Marcella founded the first convent for women in the Western church, and gave liberally of her wealth to help other Christians, clearly showing to her fellow noblewomen that greater rewards and fulfillment come from storing up treasures in heaven than from hoarding treasures on earth.
Marcellina was a 4th-century Christian woman who was known for her effective prayer ministry, her teaching abilities, and her influence in the life of her brother, Bishop Ambrose of Milan. He dedicated his book De Virginibus (Of Virginity) to her, in remembrance of her devout prayers and influence on his life. After their father died, Marcellina assisted their mother in providing for Ambrose’s education, and in her later years she resided with Ambrose. A consecrated virgin, she was the recipient of three of Ambrose’s most important letters on theology. He often praised her for her devotion, though he once cautioned her to not be over-diligent in her fasting practices.

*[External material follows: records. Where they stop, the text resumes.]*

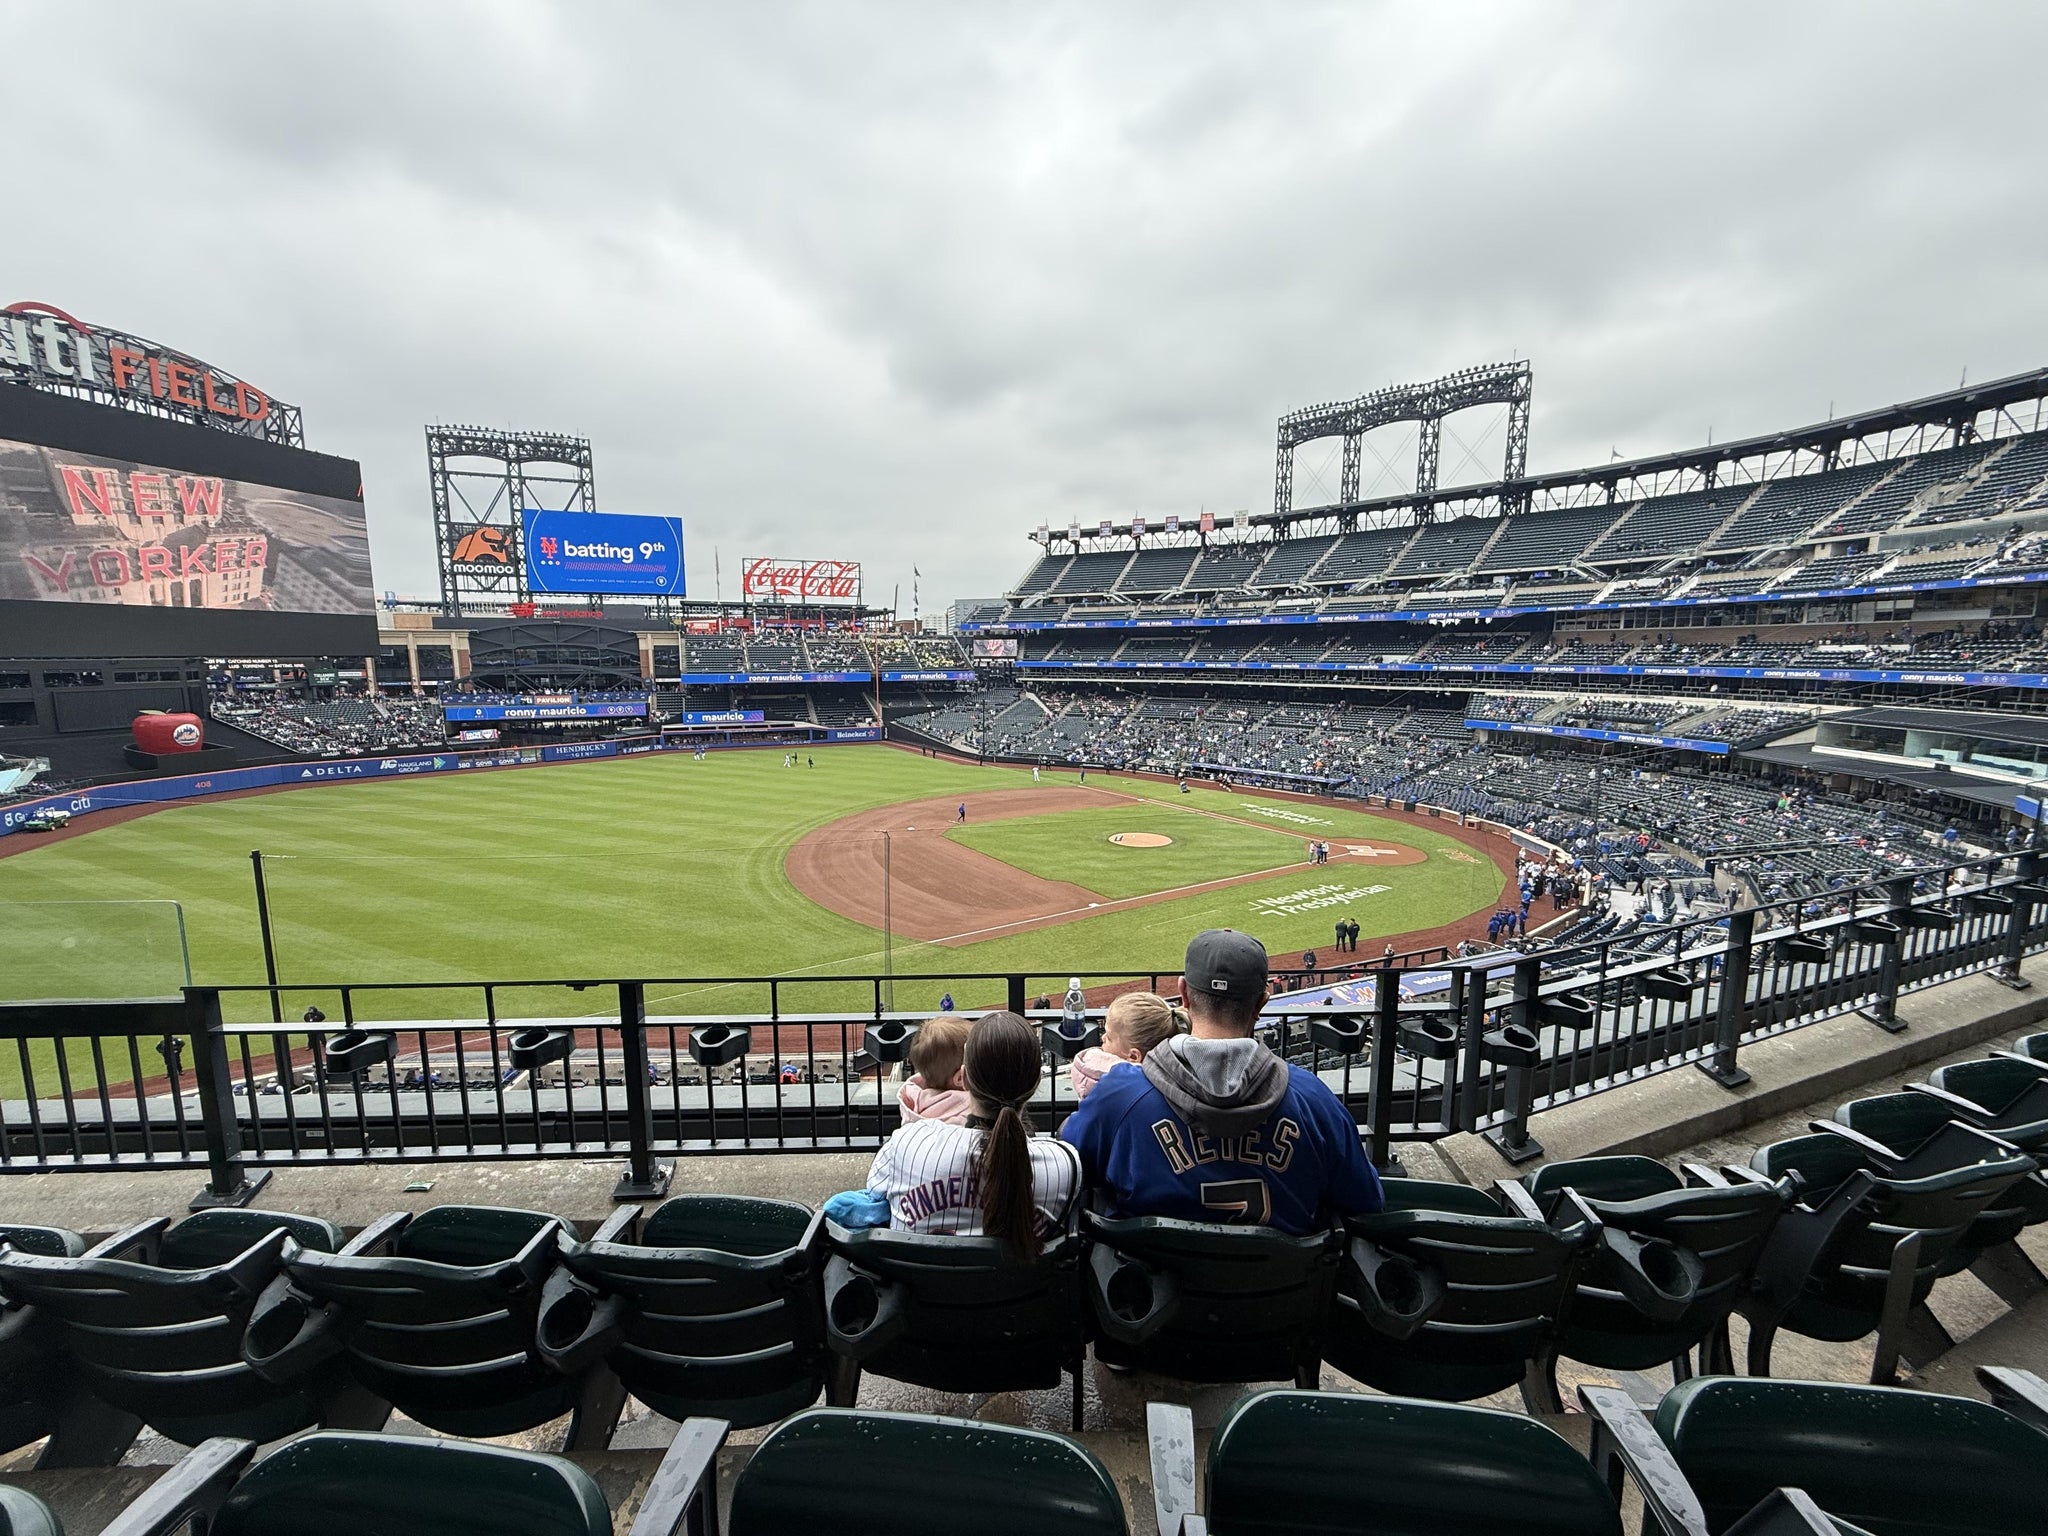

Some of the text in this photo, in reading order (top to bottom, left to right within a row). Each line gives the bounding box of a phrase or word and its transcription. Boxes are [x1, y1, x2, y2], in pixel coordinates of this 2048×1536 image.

[110, 346, 269, 421] FIELD
[61, 467, 222, 517] NEW
[564, 540, 666, 564] batting 9th
[23, 540, 268, 592] YORKER
[453, 563, 514, 574] moomoo
[749, 674, 803, 683] ronny mauricio
[1901, 673, 1964, 682] ronny mauricio
[505, 706, 587, 718] ronny mauricio
[702, 712, 744, 721] mauricio
[1636, 736, 1663, 744] mauricio
[556, 743, 606, 754] HENDRICK'S
[398, 760, 432, 768] HAUGLAND
[316, 765, 362, 775] DELTA
[71, 796, 91, 812] citi
[1283, 883, 1393, 914] Presbyterian
[1201, 1179, 1271, 1225] 7
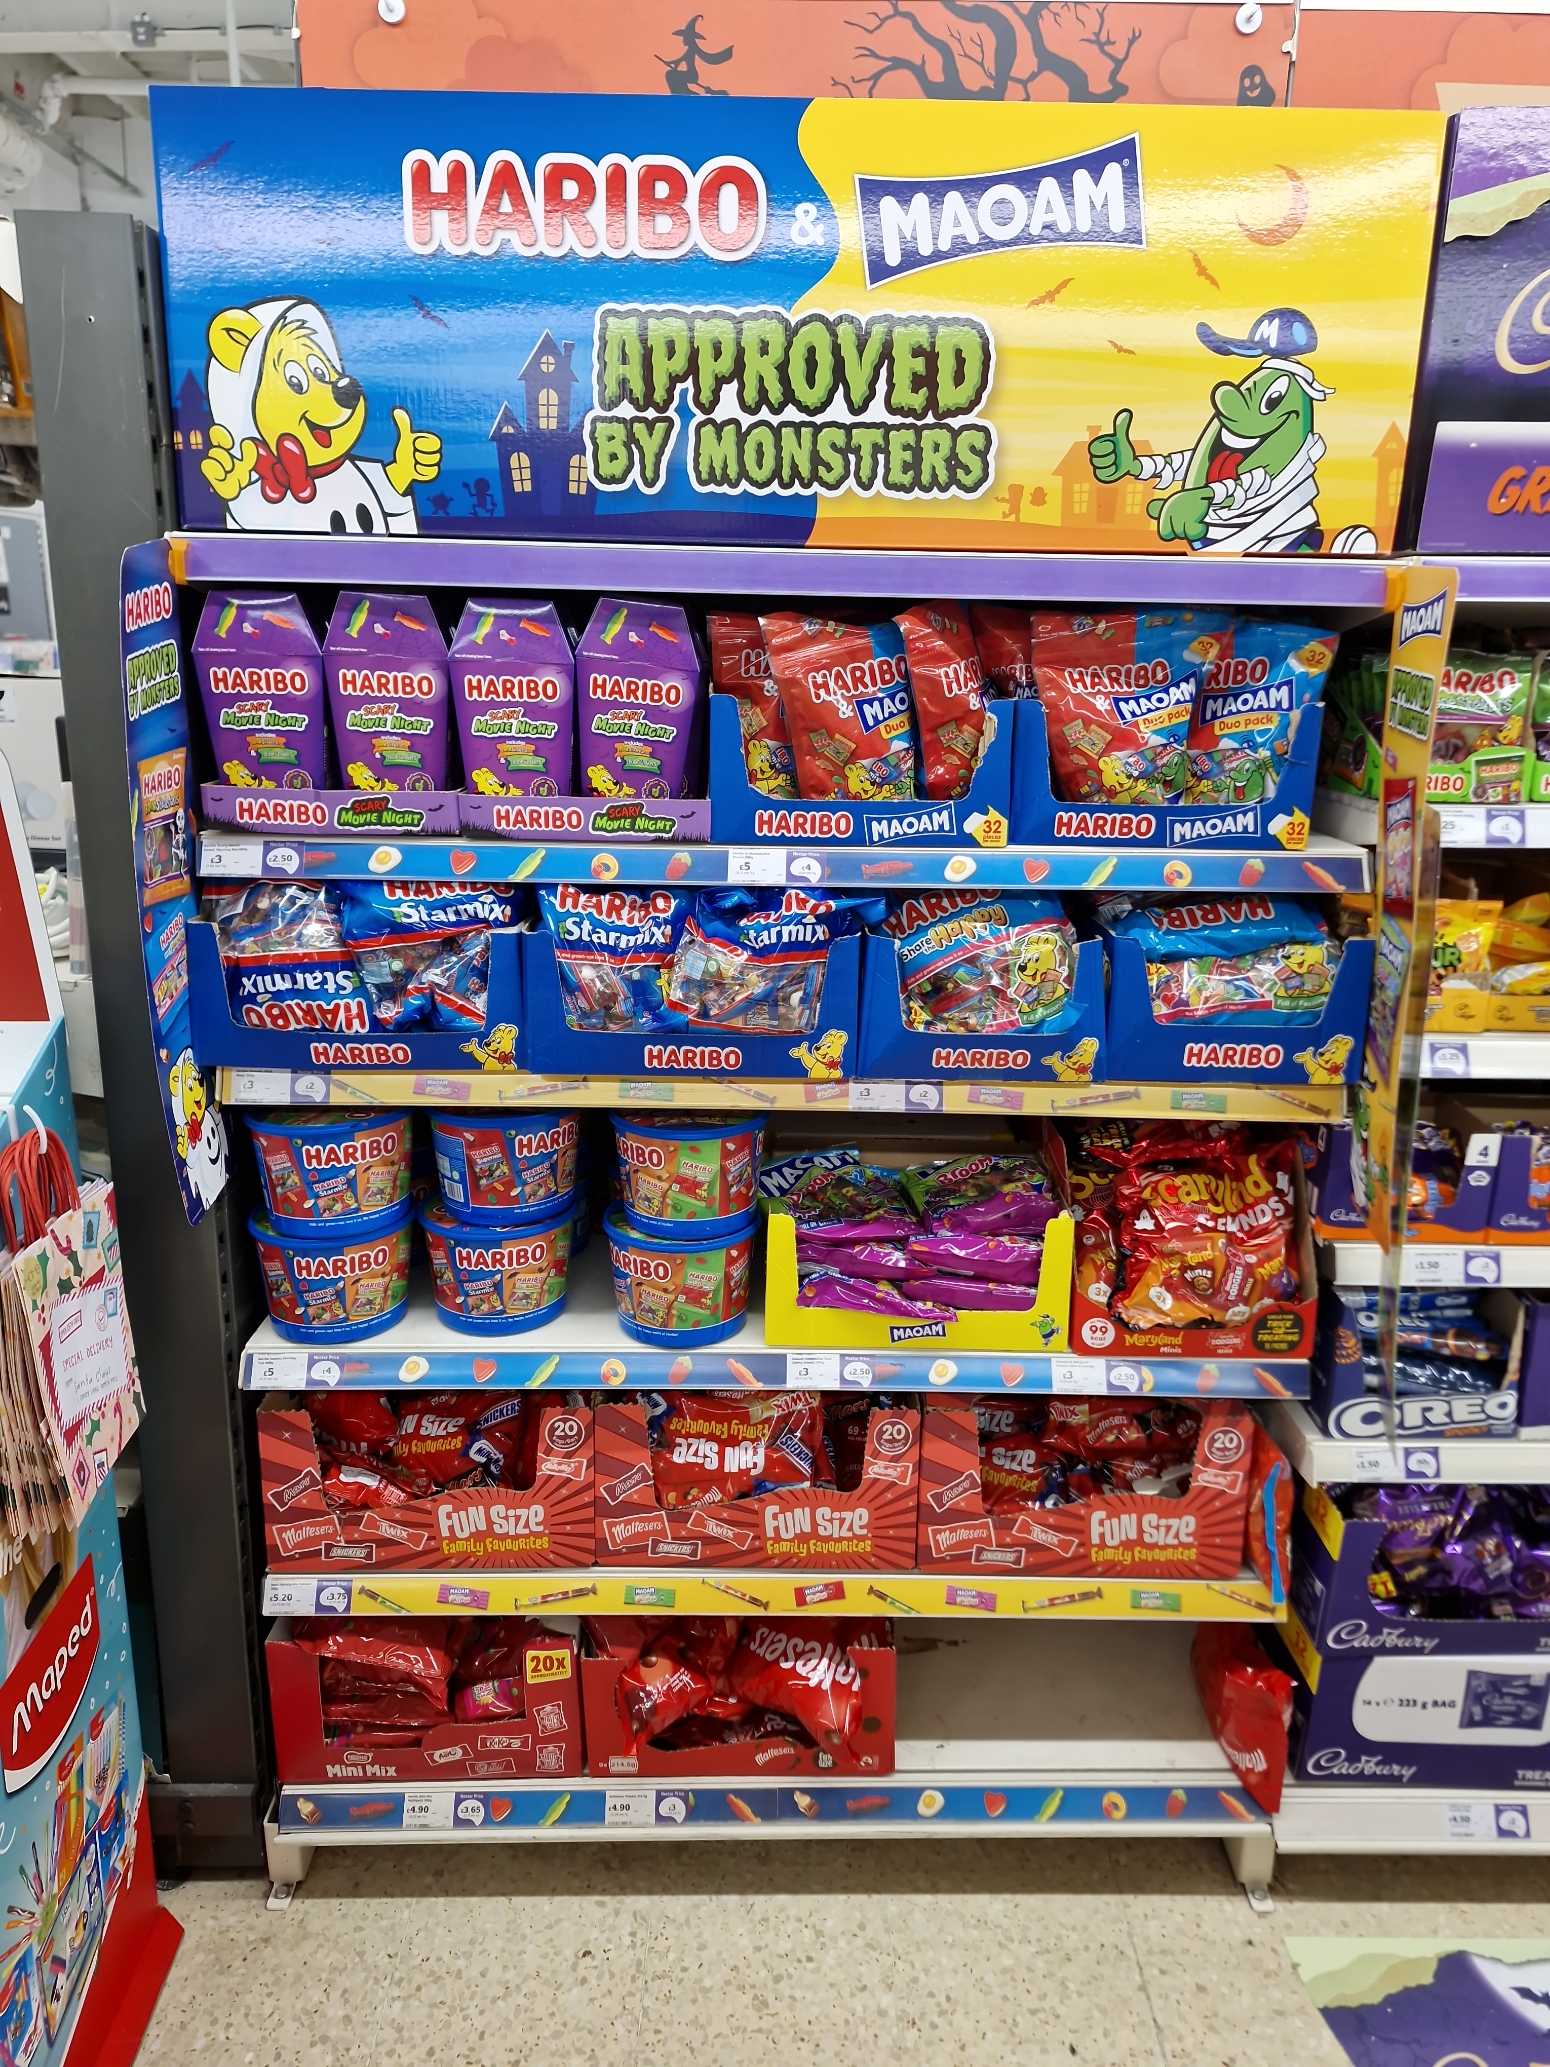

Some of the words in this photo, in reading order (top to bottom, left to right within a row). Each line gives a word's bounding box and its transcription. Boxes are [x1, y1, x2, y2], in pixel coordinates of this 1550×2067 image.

[403, 149, 766, 261] HARIBO
[789, 202, 826, 247] &
[881, 162, 1128, 267] MAOAM
[598, 310, 992, 419] APPROVED
[589, 415, 676, 495] BY
[692, 417, 994, 492] MONSTERS
[125, 581, 173, 632] HARIBO
[1401, 599, 1445, 642] MAOAM
[126, 640, 177, 692] APPROVED
[1306, 650, 1327, 665] 32
[210, 668, 308, 694] HARIBO
[338, 669, 435, 697] HARIBO
[1065, 658, 1171, 694] HARIBO
[1205, 657, 1269, 690] RIBO
[1441, 666, 1517, 695] ARIBO
[140, 674, 180, 713] MONSTERS
[464, 675, 560, 702] HARIBO
[590, 674, 683, 706] HARIBO
[234, 701, 271, 714] SCARY
[969, 693, 980, 711] &
[1119, 678, 1197, 720] MAOAM
[1205, 684, 1292, 721] MAOAM
[362, 704, 398, 716] SCARY
[487, 709, 522, 721] SCARY
[608, 709, 644, 721] SCARY
[838, 701, 854, 719] &
[1167, 706, 1192, 725] pack
[220, 711, 261, 728] MOVIE
[264, 713, 308, 730] NIGHT
[347, 712, 388, 730] MOVIE
[389, 716, 433, 734] NIGHT
[472, 717, 512, 736] MOVIE
[515, 719, 558, 738] NIGHT
[592, 717, 631, 735] MOVIE
[634, 722, 677, 742] NIGHT
[884, 720, 906, 736] Duo
[1219, 716, 1246, 732] Duo
[1248, 713, 1273, 730] pack
[142, 765, 181, 798] HARIBO
[236, 797, 328, 826] HARIBO
[352, 797, 388, 813] SCARY
[607, 804, 641, 819] SCARY
[338, 810, 378, 827] MOVIE
[381, 811, 424, 829] NIGHT
[494, 805, 583, 830] HARIBO
[592, 818, 633, 833] MOVIE
[636, 818, 676, 835] NIGHT
[755, 810, 853, 838] HARIBO
[872, 809, 951, 840] MAOAM
[983, 819, 1002, 834] 32
[1055, 812, 1156, 840] HARIBO
[1173, 812, 1254, 844] MAOAM
[1286, 821, 1305, 836] 32
[211, 854, 223, 864] £3
[268, 854, 293, 863] £2.50
[739, 861, 751, 871] £5
[400, 896, 506, 923] Starmix
[160, 911, 184, 949] HARIBO
[565, 916, 666, 948] Starmix
[928, 904, 1009, 949] Happy
[901, 936, 932, 962] Share
[241, 970, 354, 997] Starmix
[242, 999, 370, 1034] HARIBO
[310, 1042, 411, 1065] HARIBO
[644, 1045, 742, 1070] HARIBO
[932, 1048, 1030, 1069] HARIBO
[1184, 1043, 1284, 1068] HARIBO
[860, 1088, 870, 1097] £3
[919, 1090, 929, 1098] £2
[516, 1122, 577, 1158] HARIB
[303, 1132, 397, 1169] HARIBO
[471, 1147, 500, 1159] HARIBO
[1478, 1146, 1489, 1160] 4
[682, 1160, 713, 1173] HARIBO
[313, 1177, 346, 1191] HARIBO
[318, 1184, 348, 1197] Starmix
[294, 1246, 389, 1279] HARIBO
[456, 1242, 546, 1271] HARIBO
[464, 1280, 494, 1290] HARIBO
[688, 1272, 719, 1282] HARIBO
[304, 1288, 336, 1300] HARIBO
[641, 1288, 669, 1302] HARIBO
[892, 1323, 943, 1340] MAOAM
[1089, 1325, 1108, 1335] 99
[1124, 1333, 1184, 1347] Maryland
[1160, 1346, 1182, 1354] Minis
[263, 1367, 274, 1377] £5
[798, 1368, 809, 1377] £3
[849, 1367, 871, 1377] £2.50
[1062, 1370, 1074, 1380] £3
[1113, 1372, 1135, 1382] £2.50
[1330, 1390, 1518, 1438] OREO
[554, 1420, 578, 1436] 20
[882, 1424, 906, 1439] 20
[1213, 1432, 1236, 1449] 20
[673, 1437, 719, 1470] Size
[723, 1441, 766, 1476] FUN
[437, 1505, 487, 1538] FUN
[490, 1505, 545, 1535] Size
[765, 1505, 810, 1539] FUN
[815, 1507, 870, 1538] Size
[1090, 1511, 1138, 1547] FUN
[1142, 1514, 1196, 1543] Size
[281, 1525, 335, 1548] Maltesers
[611, 1522, 662, 1541] Maltesers
[936, 1527, 988, 1549] Maltesers
[442, 1539, 484, 1556] Family
[486, 1535, 551, 1553] Favourites
[766, 1540, 807, 1556] Family
[809, 1539, 871, 1555] Favourites
[1091, 1548, 1132, 1565] Family
[1134, 1548, 1196, 1563] Favourites
[270, 1594, 293, 1604] £5.20
[326, 1593, 348, 1602] £3.75
[1326, 1620, 1440, 1653] Cadbury
[530, 1655, 567, 1673] 20x
[11, 1606, 95, 1756] Maped
[755, 1747, 795, 1767] Maltesers
[1307, 1749, 1417, 1782] Cadbury
[326, 1764, 367, 1777] Mini
[369, 1765, 398, 1777] Mix
[406, 1805, 430, 1815] £4.90
[460, 1806, 481, 1815] £3.65
[608, 1804, 631, 1812] £4.90
[668, 1804, 677, 1812] £3

Olympias, a daughter of the wealthy Count Seleusus, was born near Constantinople in 368. Apparently her parents died when she was still quite young, but they left her a substantial fortune. This drew the attention of many matchmakers, including the Emperor Theodosius, who wanted to be sure that such a large amount of wealth—and the influence that went with it—came to rest in the proper hands.
So while still in her teens, Olympias married an official in the imperial court named Nebridius. But he died less than two years later. The stream of eager suitors resumed, but she chose to not remarry—having decided, as a Christian, that she would devote herself to the Lord and her inheritance to helping the poor.
This decision aggravated Theodosius, who used his royal privilege to seize her fortune and place it in trust until she turned 30. Olympias wrote to thank the emperor for relieving her of the burden of all that money, and insisted that, as executor of the inheritance, he divide it between the church in Constantinople and the poor. Outfoxed by the plucky teenager, Theodosius restored the wealth to her prerogative … and she immediately began to give the money away again, to the sick, widows, prisoners, beggars, and slaves (she even bought hundreds of slaves and set them free).
She became a deaconess of the church at Constantinople, and a good friend of John Chrysostom, the local bishop, who once advised her to give less to the poor because she was making them lazy.
Her loyalty to Chrysostom eventually cost her much. He, a gifted preacher, spoke out against the wanton behavior of the Empress Eudoxia. Incensed at his impertinence, the empress pulled strings in the church hierarchy and, in 403, got John banished-for-life on trumped-up charges. Olympias and many other Christians in Constantinople protested this treatment of their beloved bishop, and hence were physically harassed. Then, when Olympias refused to recognize the new bishop who was appointed, she was banished as well. She was also tried for disrupting the church, and was heavily fined. Later, all her assets were seized and her charitable projects shut down.
Throughout all these troubles, Olympias and Chrysostom managed to maintain a correspondence. In his letters John encouraged her, praising her patience and dignity. He died in 407; within a year she also died, a pauper. But she was remembered as a devoted Christian who used her great wealth unselfishly for the Lord, as a regular student of the Bible, and as a faithful deaconess of the church.
Dr. Mary L. Hammack is a teacher with more than 29 years of experience at the elementary, high school and university levels. She currently works as a freelance writer and curriculum coordinator, and is the author of A Dictionary of Women in Church History (Moody Press, 1984). AND THE EDITORS
Copyright © 1988 by the author or Christianity Today/Christian History magazine.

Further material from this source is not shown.